Правда, эта чертовщина скорее злила, а не пугала — настолько он к ней привык.

А вот Энни выглядела совсем удручённой. Вчера она совсем ничего не съела, выпила лишь пару глотков воды, ночью, кажется, вообще не спала, а сейчас стояла возле своей лошади, опустив взгляд, и видно было, как дрожат её руки и как нервно она покусывает губы в предчувствии чего-то поистине пугающего. Джон тоже трясся, но даже не от страха, а от холода. Эннихильд же дрожала, как в лихорадке, и глаза её наполнились слезами, которые она то и дело украдкой вытирала.

Джон хотел было обнять её, как-то поддержать, обнадёжить, потому что не мог на это смотреть… Но его внезапно окликнули.

— Бери меч, — велела Жанетта.

— Но он же теперь твой, — хмыкнул Джон. — С чего ты вообще взяла, что я что-то буду делать для тебя?

— Разве эта милая девочка тебе не объясняла, что невозможно одновременно творить заклинание и пользоваться ключом? — хмыкнула ведьма, имея в виду несуществующую Кару. — И даже не мечтай: второй раз ты меня им не убьёшь, я себя обезопасила. А если ты ничего не станешь делать, я прикончу Эннхильд. Я же тебя предупреждала.

Джон вздохнул, нехотя приблизился к лошади Жанетты и осторожно, боязливо коснулся рукояти Ключа. Он ожидал каких-то возражений со стороны клинка, но ничего не обожгло, не ударило магической волной, и он вытащил меч из ножен.

Энни застыла возле своей лошади, не зная, куда деть себя, и Джон приободряюще кивнул ей, но она никак на это не отреагировала, даже бровью не повела. Видимо, мысленно она уже похоронила и себя, и своего нового друга, и весь мир, и переубеждать её было бесполезно.

Джон поудобнее перехватил меч и приблизился к арке.

Потом он потерял счёт времени и не мог сказать, сколько прошло минут или часов.

Жанетта начала невыразимо долго нашёптывать что-то непонятное, сложив руки у лица и закрыв глаза. Её ресницы трепетали, а губы безостановочно шевелились, но Джон не мог разобрать ни слова. Через какое-то время она резко распахнула глаза, и золотое свечение, исходящее от её радужек, едва ли не ослепило Джона. Он попытался отвернуться, но… но что-то невероятно притягательное, очаровывающее, влекущее было в образе колдующей Жанетты. И даже тонкие кровавые струйки, что поползли из её глаз по щекам, будто слёзы, показались ему до ужаса красивыми. Кровь на белой, будто снег, коже… Ему вдруг захотелось нежно коснуться пальцем её лица и вытереть с него эти алые слёзы. Но он смог устоять — она ведь пока больше ничего не приказывала.

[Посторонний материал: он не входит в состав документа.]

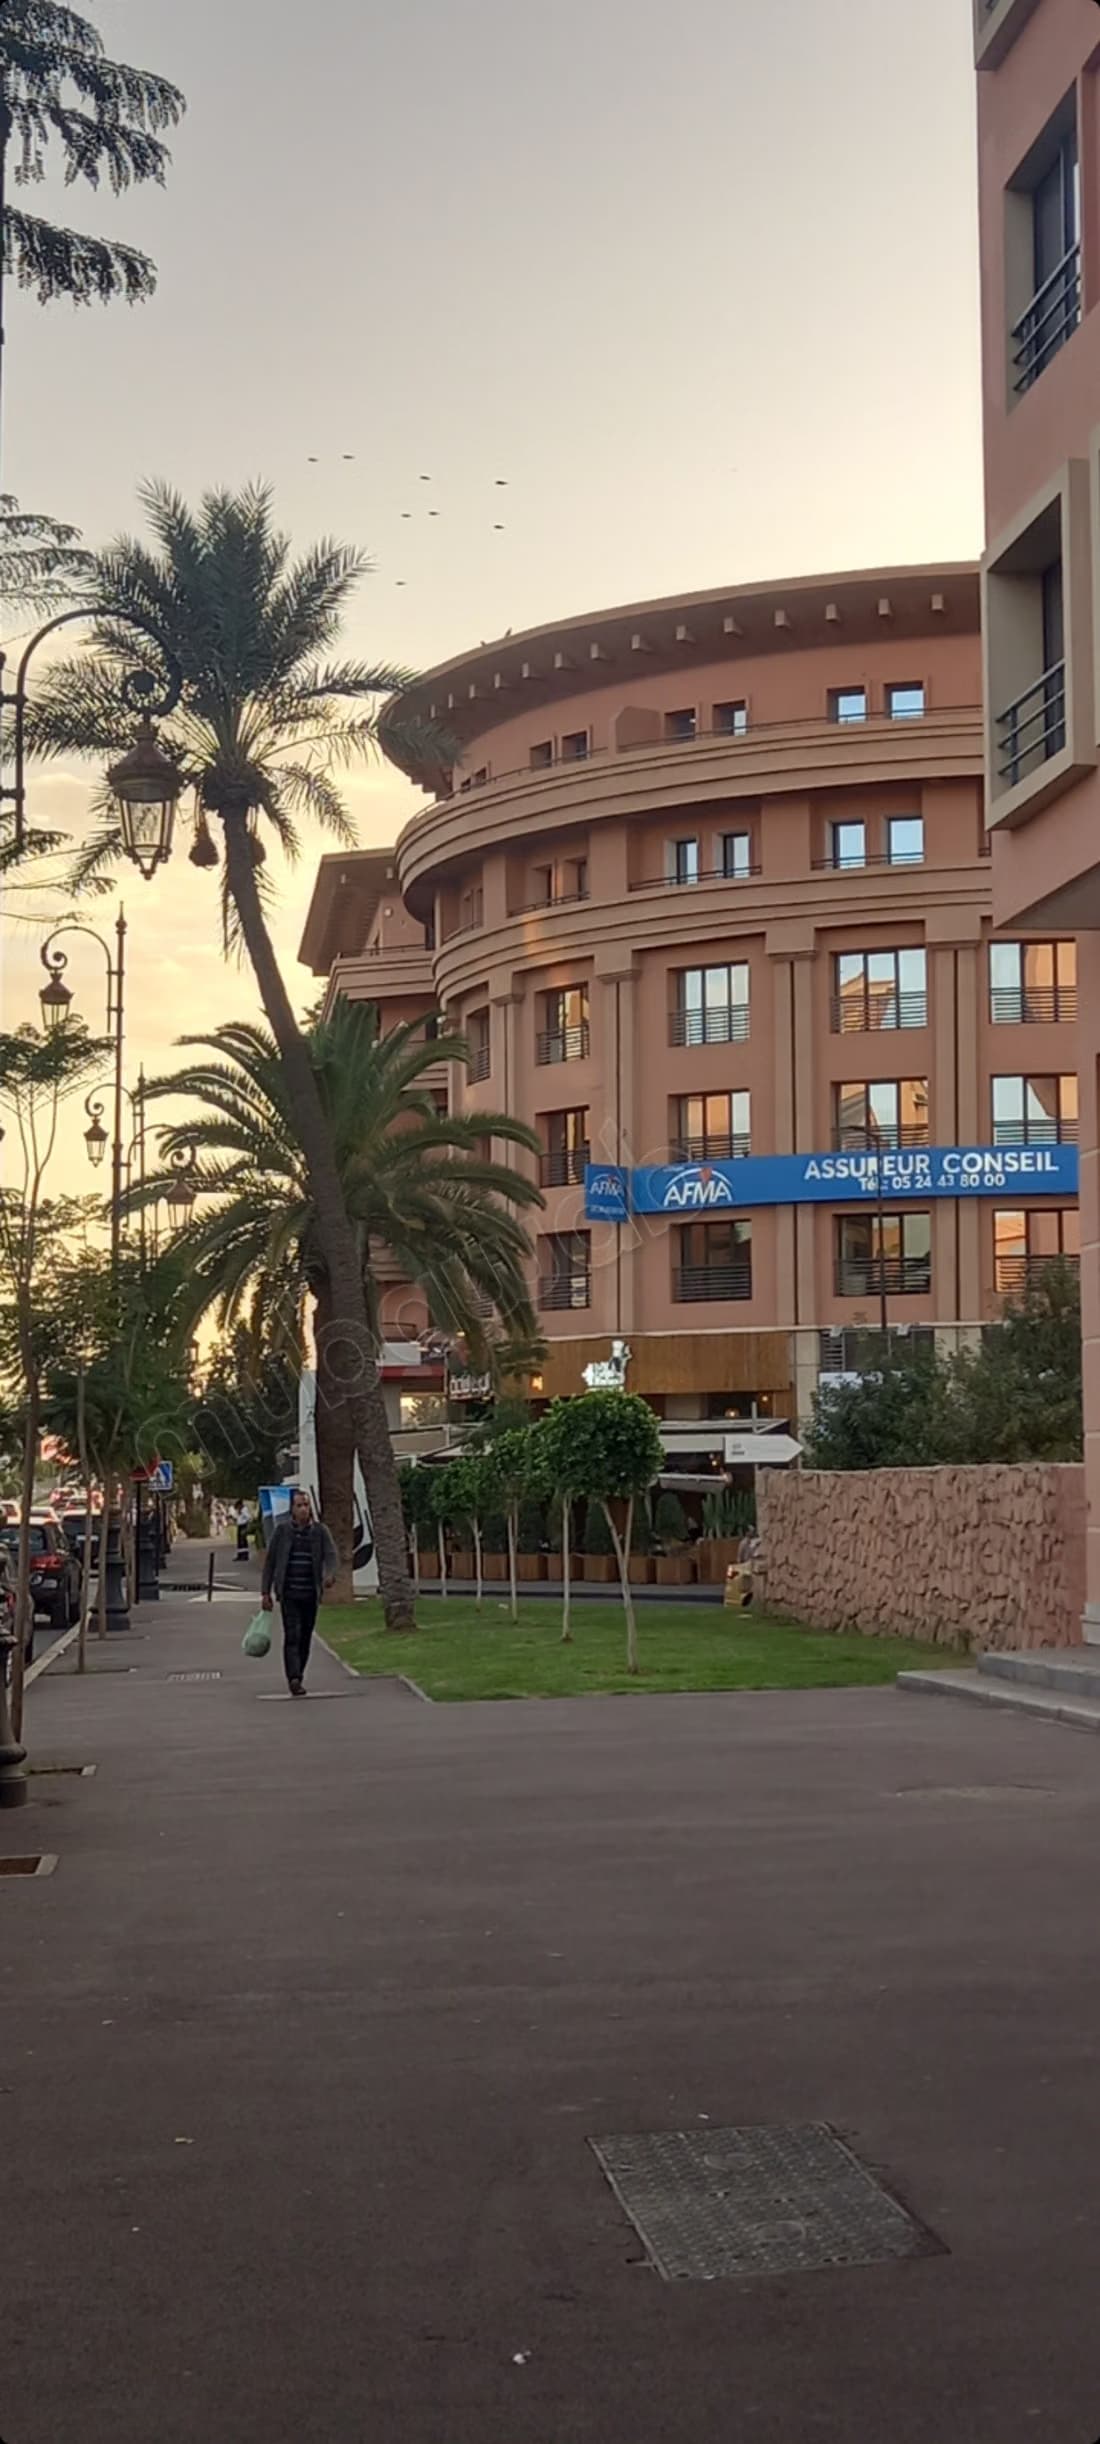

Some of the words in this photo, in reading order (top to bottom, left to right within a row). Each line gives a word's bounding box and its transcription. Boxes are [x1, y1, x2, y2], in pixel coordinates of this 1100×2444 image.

[804, 1154, 931, 1180] ASSUREUR
[943, 1152, 1060, 1174] CONSEIL
[589, 1180, 625, 1197] AFMA
[892, 1175, 911, 1190] 05
[915, 1175, 932, 1189] 24
[937, 1174, 955, 1188] 43
[960, 1174, 980, 1188] 80
[984, 1173, 1006, 1187] 00
[663, 1180, 733, 1208] AFMA
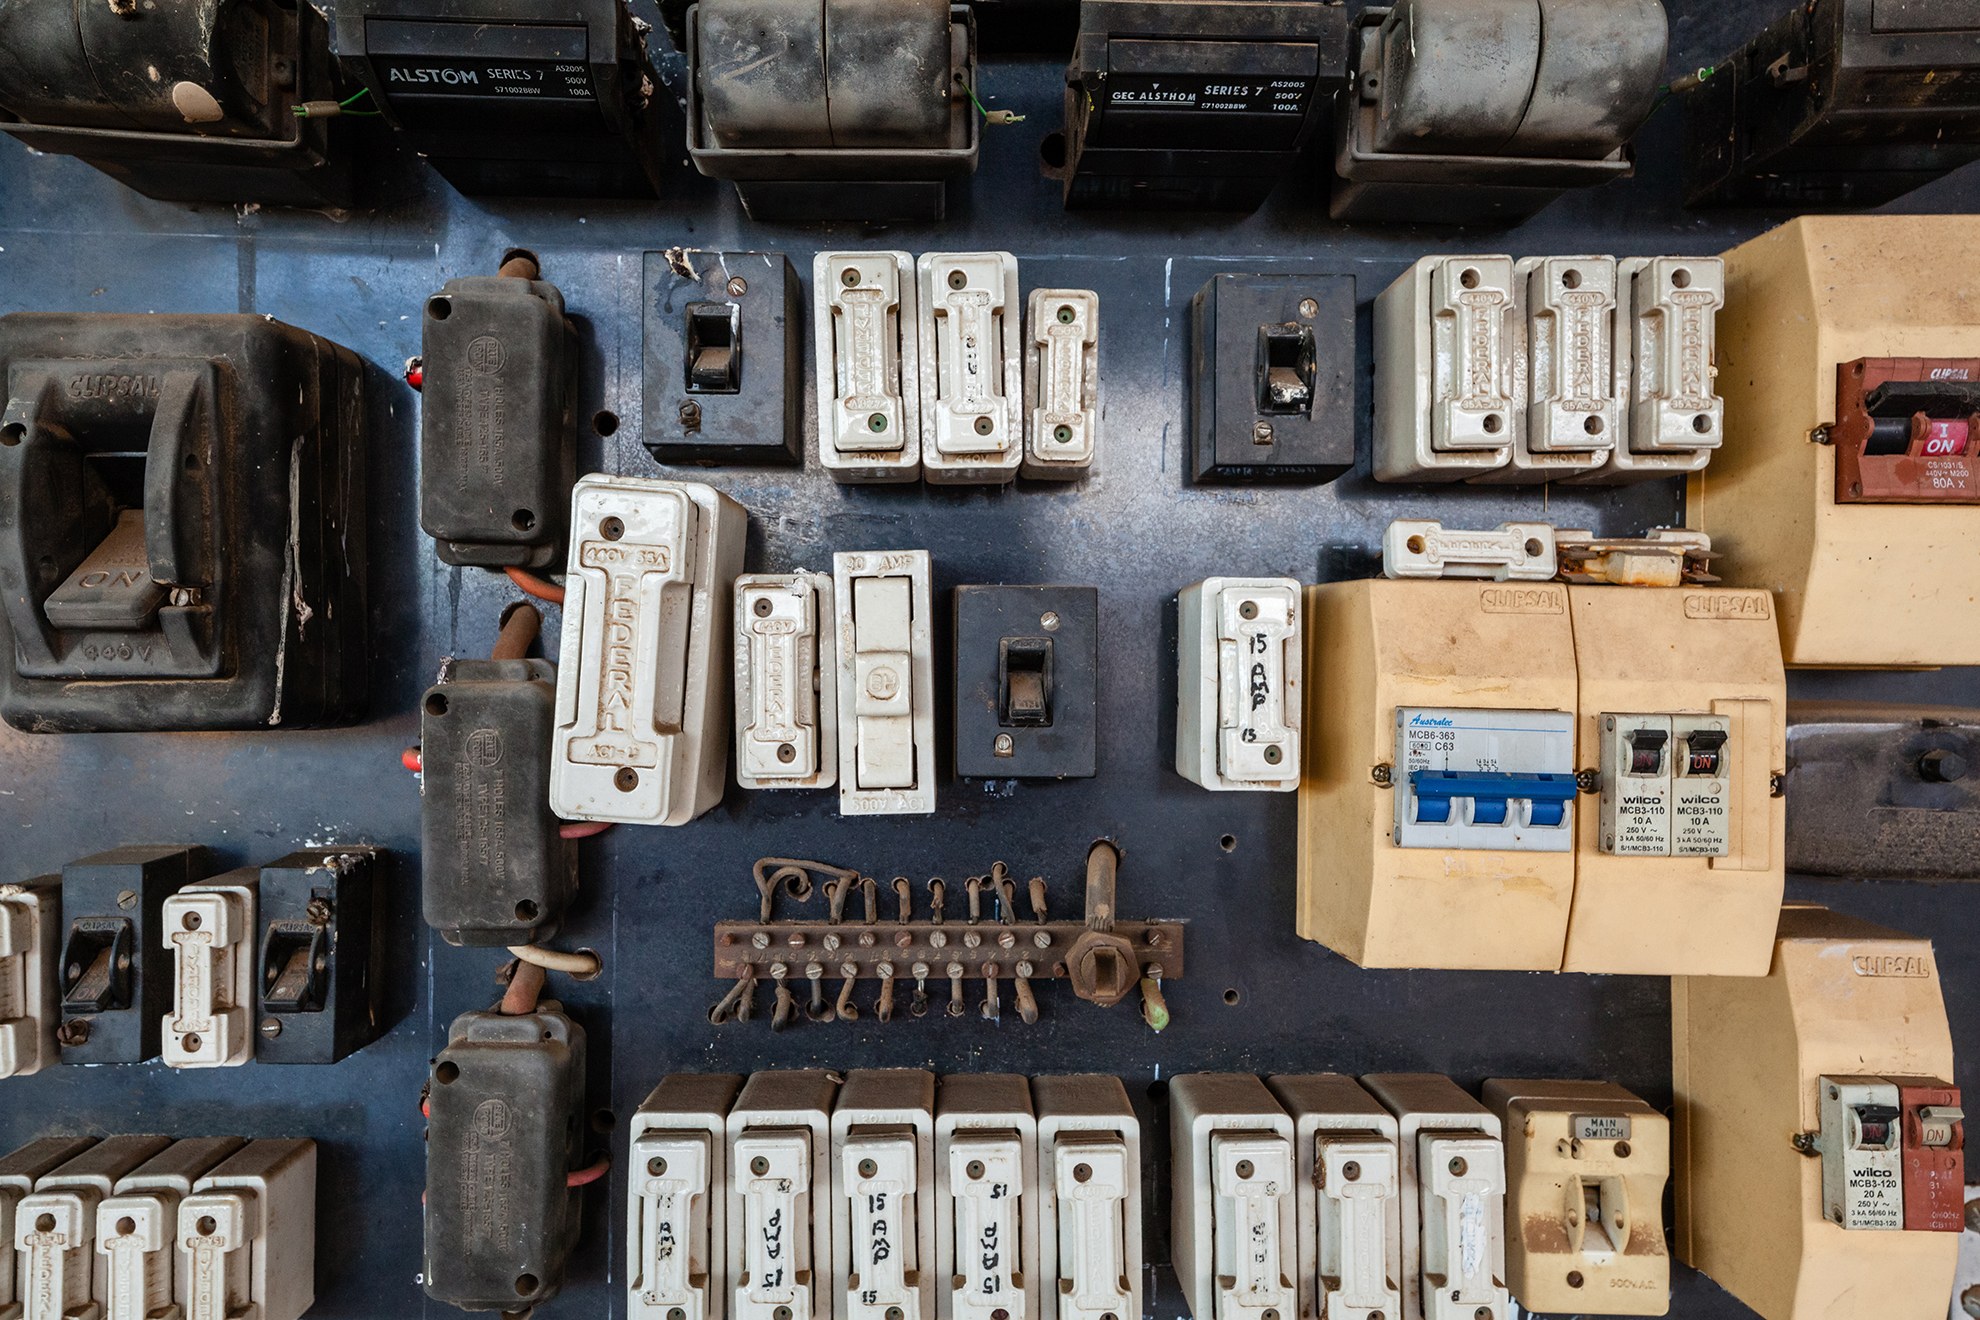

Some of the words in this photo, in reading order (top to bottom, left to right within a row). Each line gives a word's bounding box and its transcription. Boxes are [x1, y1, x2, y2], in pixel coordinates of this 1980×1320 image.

[390, 67, 479, 84] ALSTOM
[487, 68, 531, 80] SERIES
[536, 69, 544, 81] 7
[565, 76, 587, 84] 500V
[569, 88, 591, 96] 100A
[1112, 92, 1135, 100] GEC
[1139, 92, 1196, 101] ALSTHOM
[1204, 85, 1249, 96] SERIES
[1254, 86, 1264, 97] 7
[1272, 103, 1298, 111] 100A
[1474, 308, 1490, 396] FEDERAL
[1575, 308, 1590, 397] FEDERAL
[1684, 308, 1700, 396] FEDERAL
[1930, 368, 1969, 380] CLIPSAL
[66, 375, 161, 398] CLIPSAL
[1926, 439, 1955, 453] ON
[1933, 477, 1955, 489] 80A
[1440, 540, 1513, 551] FEDERAL
[586, 546, 628, 562] 440V
[846, 556, 865, 570] 30
[877, 556, 914, 570] AMP
[79, 570, 142, 588] ON
[1481, 588, 1562, 609] CLIPSAL
[1684, 594, 1768, 614] CLIPSAL
[1249, 633, 1267, 654] 15
[83, 644, 151, 663] 440V
[605, 575, 637, 732] FEDERAL
[768, 636, 786, 728] FEDERAL
[1251, 662, 1270, 711] AMP
[1409, 714, 1453, 727] Australec
[1242, 728, 1257, 742] 15
[1409, 730, 1456, 741] MCB6-363
[1434, 742, 1455, 751] C63
[1634, 753, 1652, 766] ON
[1694, 756, 1712, 769] ON
[1623, 796, 1662, 805] wilco
[1680, 795, 1720, 804] wilco
[1620, 807, 1665, 815] MCB3-110
[1677, 807, 1723, 815] MCB3-110
[1632, 817, 1643, 825] 10
[1645, 817, 1653, 825] A
[1690, 818, 1701, 826] 10
[1702, 818, 1710, 826] A
[82, 921, 116, 930] CLIPSAL
[1852, 956, 1927, 976] CLIPSAL
[76, 986, 99, 1000] ON
[1590, 1118, 1617, 1128] MAIN
[1584, 1127, 1624, 1138] SWITCH
[1863, 1125, 1882, 1139] ON
[1926, 1129, 1945, 1142] ON
[1853, 1167, 1892, 1178] wilco
[1850, 1179, 1897, 1188] MCB3-120
[990, 1184, 1008, 1199] 15
[868, 1193, 887, 1213] 15
[763, 1209, 782, 1260] AMP
[872, 1219, 891, 1266] AMP
[980, 1222, 999, 1270] AMP
[762, 1268, 783, 1292] 15
[983, 1275, 1000, 1294] 15
[862, 1290, 878, 1304] 15

Жанетта на кровь внимания не обратила. Она продолжала беззвучно шевелить губами, произнося, видимо, все необходимые заклинания. Порывы ветра то и дело взлохмачивали её чёрные кудри, заставляли трепетать тонкий шёлк платья, а самого Джона едва ли не сбивали с ног. Об оказавшейся в ступоре Энни он на тот момент вообще забыл.

Вдруг Жанетта сделала тяжёлый шаг вперёд, потом ещё один — она медленно подходила к арке, протягивая к ней руки, будто звала кого-то. Потом-то он понял, что она так взывала к богиням, но на тот момент он не понимал ничего, кроме того, что Жанетта в своём магическом экстазе была пугающе прекрасна.

Ведьма дошла до арки нескоро, кажется, ей было действительно тяжело идти, и каждый шаг отдавался болью. Джон не пошёл следом за ней — она ведь его не звала, а он должен во всём ей подчиняться… И дело было даже не в том, что она грозилась убить Эннхильд. Он действительно хотел делать всё, что она скажет, он этого желал, он этого жаждал.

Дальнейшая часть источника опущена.